— Given data —
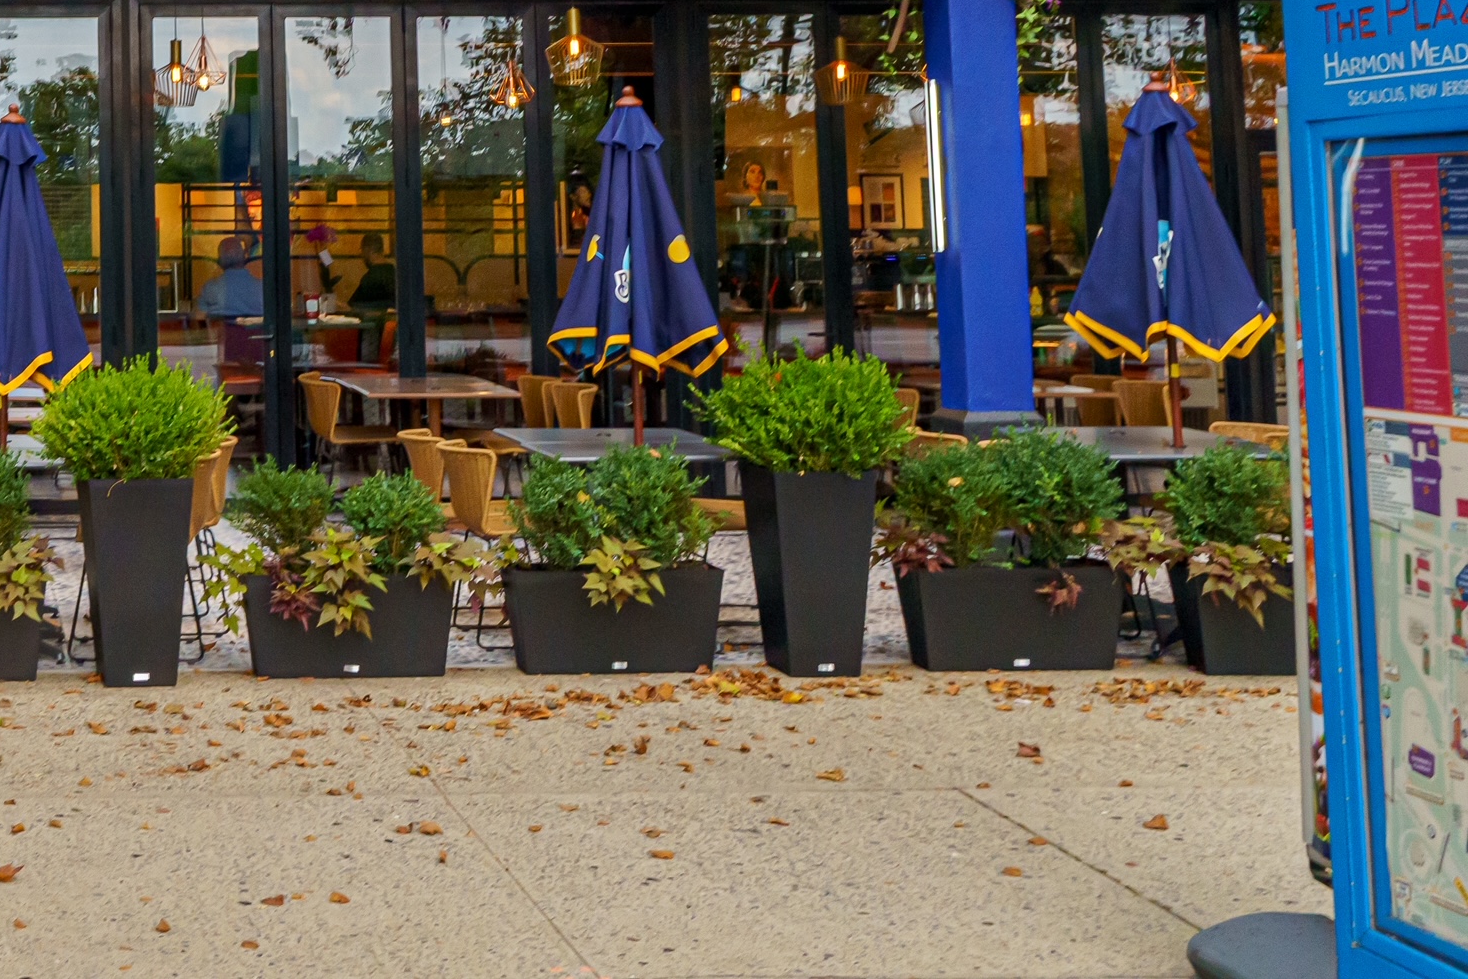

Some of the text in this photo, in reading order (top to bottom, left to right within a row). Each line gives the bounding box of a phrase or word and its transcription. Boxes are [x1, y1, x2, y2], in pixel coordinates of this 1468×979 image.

[1316, 2, 1377, 44] THE
[1323, 51, 1405, 79] HARMON
[1347, 85, 1408, 107] SECAUCUS,
[1410, 82, 1438, 101] NEW

— Task description —
Return all the data above as written, leaving out only the pictures.

— Task output —
Some of the text in this photo, in reading order (top to bottom, left to right within a row). Each line gives the bounding box of a phrase or word and its transcription. Boxes are [x1, y1, x2, y2], in pixel coordinates of this 1468×979 image.

[1316, 2, 1377, 44] THE
[1323, 51, 1405, 79] HARMON
[1347, 85, 1408, 107] SECAUCUS,
[1410, 82, 1438, 101] NEW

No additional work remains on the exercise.